University College Dublin (UCD) was bombarded with complaints and correspondence from students, graduates, staff members, and other medical practitioners about the continued employment of Dolores Cahill at the university.
The college was told it was putting its reputation at risk, that public pronouncements on the Covid-19 pandemic were a “stain” on the university, and that it was at risk of losing research funding.
In one email, Professor William Gallagher — the former director of UCD’s Conway Institute — wrote of his concerns about damage to the university, referring specifically to some of Ms Cahill’s activities including the setting up of her ‘Freedom Airway’.
He wrote: “In addition to clear adverse impacts on public health, [these] actions are leading to significant negative effects also on UCD's reputation both nationally and internationally.
“Indeed, feedback has been relayed to me from a major funder of research that inaction on behalf of UCD on this issue could lead to severe impacts on downstream funding, due to associated reputational damage.”
One GP — a former student of UCD — wrote about how some of his patients were repeating misinformation that had been spread by Ms Cahill and others.
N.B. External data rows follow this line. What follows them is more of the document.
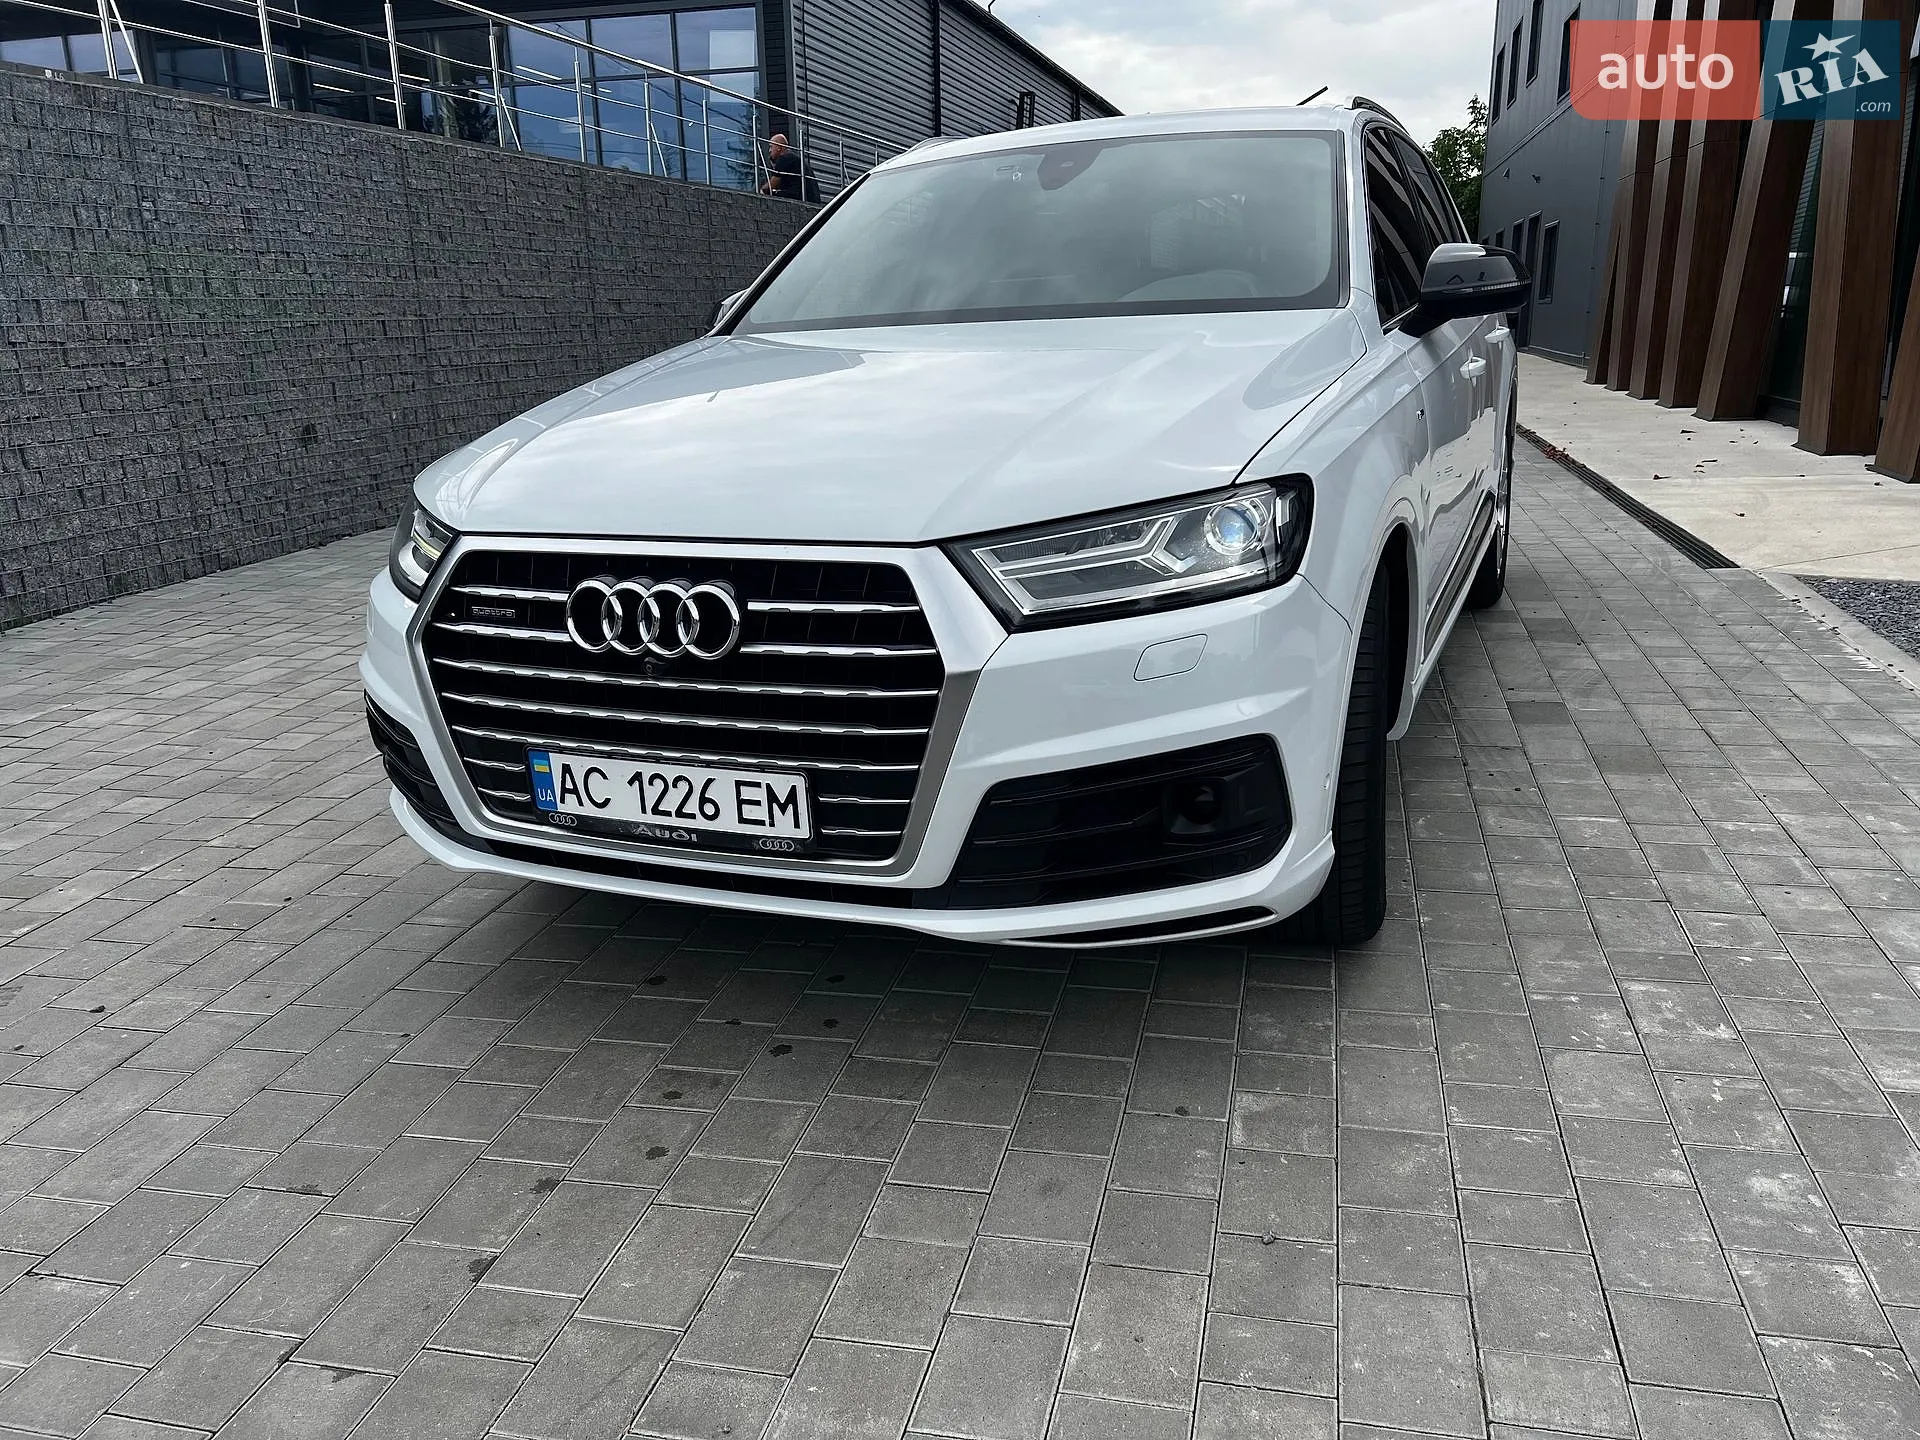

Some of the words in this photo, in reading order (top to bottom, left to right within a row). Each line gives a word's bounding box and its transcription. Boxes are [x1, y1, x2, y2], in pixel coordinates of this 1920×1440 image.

[537, 788, 555, 802] UA
[559, 763, 612, 809] AC
[626, 771, 721, 822] 1226
[734, 779, 801, 829] EM
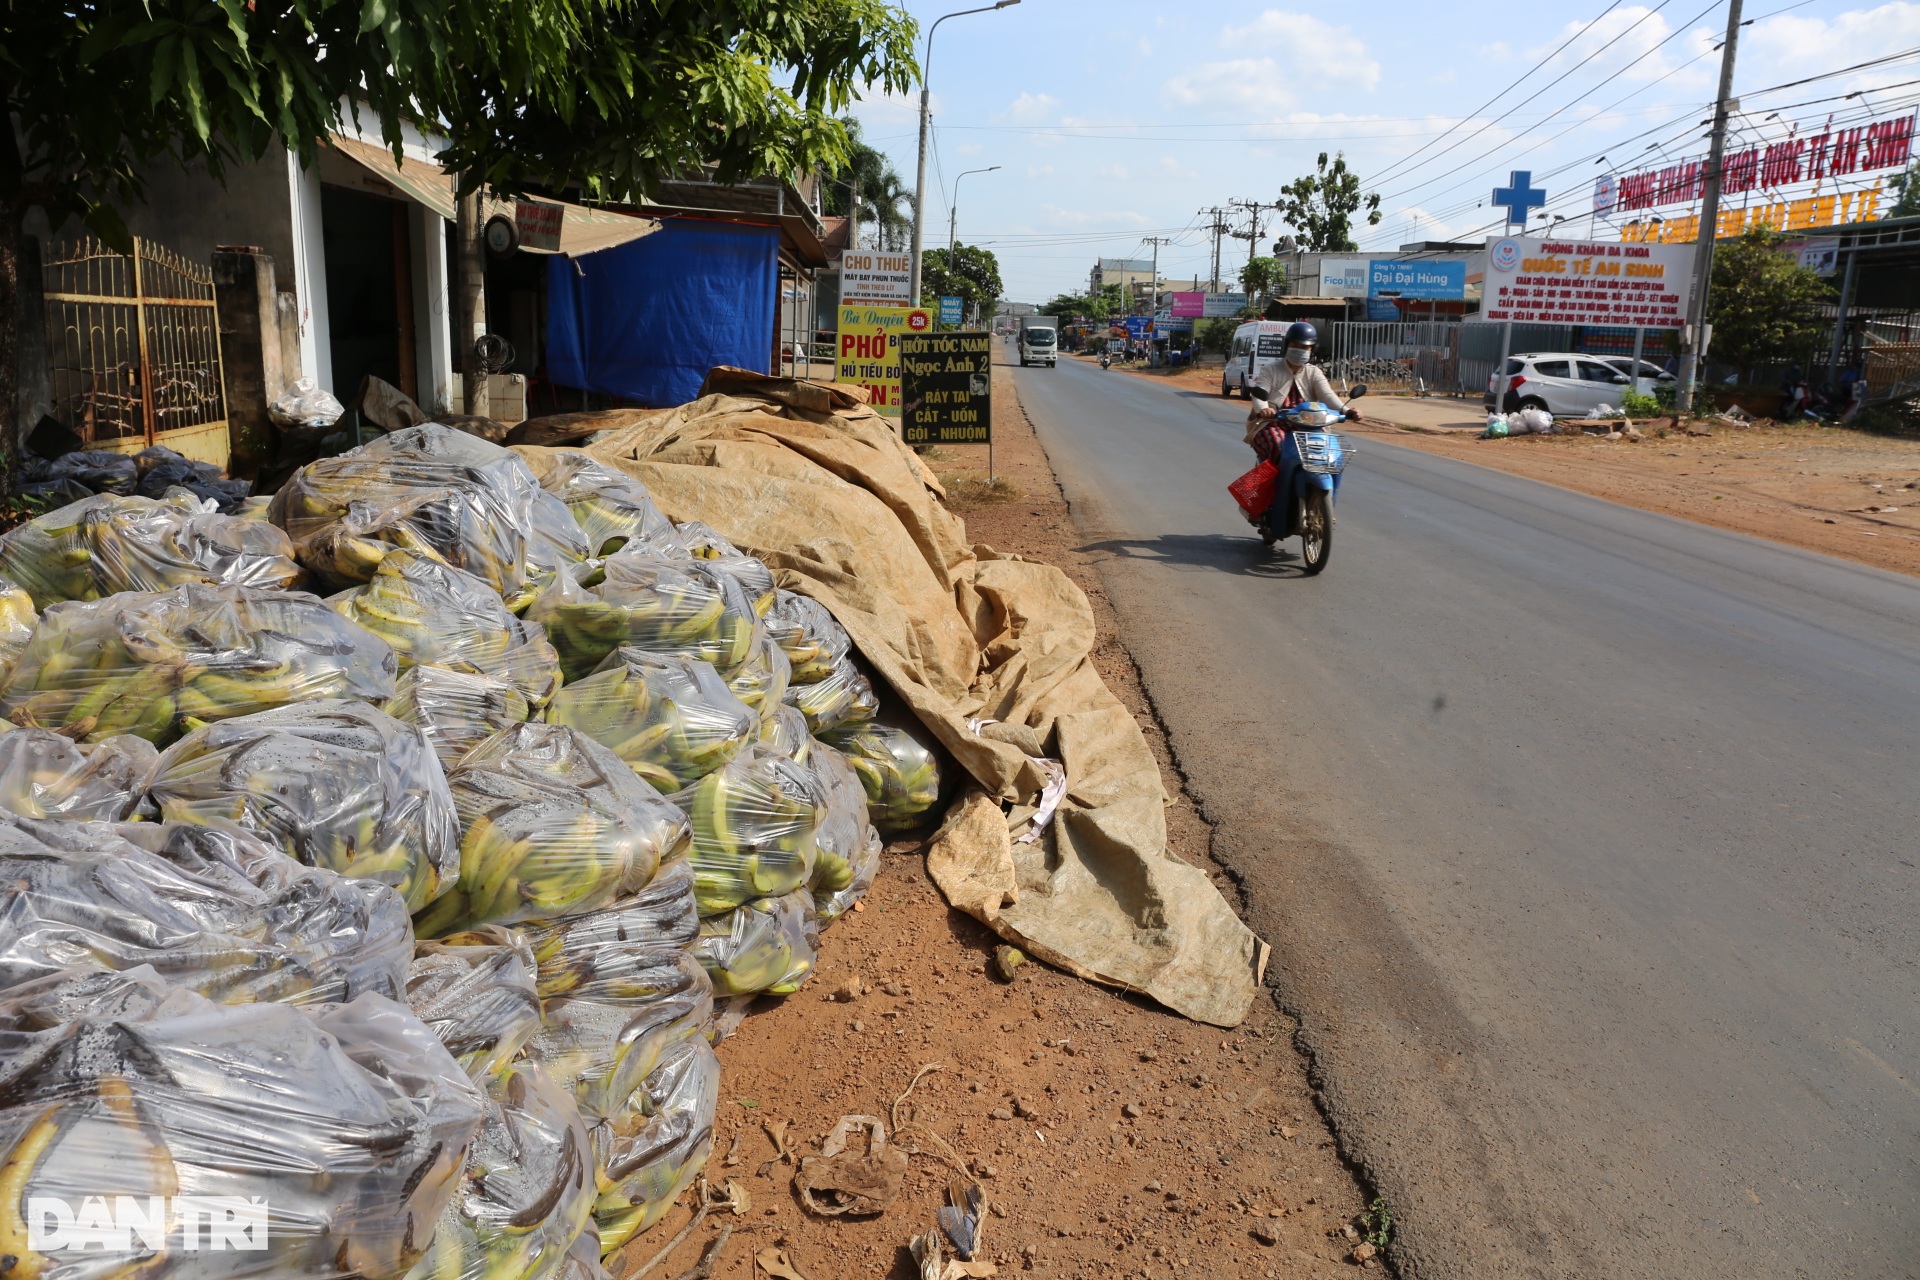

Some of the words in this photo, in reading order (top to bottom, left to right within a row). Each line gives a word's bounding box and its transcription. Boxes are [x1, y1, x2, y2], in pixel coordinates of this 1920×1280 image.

[1761, 122, 1806, 193] QUỐC
[1807, 113, 1834, 181] TẾ
[1829, 126, 1863, 177] AN
[1862, 114, 1915, 171] SINH
[1839, 192, 1854, 225] Y
[1854, 174, 1884, 224] TẾ
[1541, 242, 1574, 254] PHÒNG
[1576, 243, 1606, 256] KHÁM
[1624, 247, 1650, 258] KHOA
[845, 255, 872, 270] CHO
[876, 254, 910, 272] THUÊ
[1521, 254, 1567, 273] QUỐC
[1572, 255, 1594, 275] TẾ
[1595, 261, 1621, 276] AN
[1625, 263, 1665, 278] SINH
[890, 273, 909, 283] THUỐC
[1373, 272, 1392, 285] Đại
[1395, 272, 1414, 286] Đại
[1417, 272, 1448, 287] Hùng
[842, 309, 861, 324] Bà
[864, 309, 904, 328] Duyên
[912, 316, 925, 326] 25k
[1260, 324, 1287, 332] AMBUL
[841, 328, 887, 359] PHỞ
[902, 335, 930, 353] HỚT
[932, 335, 958, 352] TÓC
[960, 338, 990, 352] NAM
[842, 361, 856, 377] HỦ
[860, 361, 882, 378] TIẾU
[903, 357, 941, 376] Ngọc
[944, 356, 974, 372] Anh
[979, 355, 988, 373] 2
[925, 389, 949, 404] RÁY
[952, 391, 970, 403] TAI
[915, 406, 939, 422] CẮT
[951, 405, 977, 422] UỐN
[907, 425, 928, 443] GỘI
[940, 425, 986, 442] NHUỘM
They said: “Every week, I have a patient asking me about these rumours that they have heard about the vaccines. Some are my [redacted], others are younger.
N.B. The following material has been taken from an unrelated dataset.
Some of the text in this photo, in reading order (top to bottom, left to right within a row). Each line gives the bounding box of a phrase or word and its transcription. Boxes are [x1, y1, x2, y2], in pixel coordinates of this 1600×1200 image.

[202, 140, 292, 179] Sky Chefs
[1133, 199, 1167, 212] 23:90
“Although they are entitled to have had at least one vaccine [dose] so far, they have not taken up the offer due to the flood of misinformation. This is mostly on social media.”
A lecturer at another third-level institution also wrote to say that Ms Cahill planned to organise anti-lockdown rallies around the country.
He wrote: “There is no way [she] can do this in present circumstances without breaching the regulations that are in place in this country. [It] is a disgrace to UCD.”
Another person wrote to ask how the university could continue to ask for “donations for teaching and research” while employing a person who minimised Covid-19 and its risk.
Their email said: “I ask that you treat this matter with the seriousness and urgency it requires.”
Another email said it was “embarrassing” that the university had a “Trumpesque, anti-vaccine, anti-mask, anti-lockdown lecturer” on their payroll.
Another student wrote to say the college had only ever “deflected” when it came to criticism on the matter.
“You cannot continue to employ a scientist, who does not believe a science,” they said.
Several emails of support were also received, several of which appeared to be a cut and paste of the same material.
They all began with the sentence: “I strongly object to what appears to be a witch hunt … by persons associated with UCD.”
Internal UCD emails detailed suspicions that it was part of an organised campaign: “No doubt there will be more as it appears that these individuals are acting as some kind of co-ordinated lobby group, given the opening line in most of the emails is identical.”
Another wrote to ask why the university were not supporting their staff against a “corrupt media” and “the corruption of the medical world”.
A meeting of their human resources, legal department, and staff from the School of Medicine took place at which it was decided the college could not comment on the “staff matters” involved.
However, the university’s communications team were told they could say the views did not represent the position of UCD and that the staff member was not scheduled to teach or coordinate any modules that term.
Although Ms Cahill’s name has been redacted from the records, many of them make direct reference to public comments she made and activities she was involved in.
These included a notorious incident where she was refused access to a count centre after refusing to wear a mask.
In September, it was reported that she had left her job at the university just months after applying for retirement from her position.
UCD did not respond to a request for comment on the records that they released.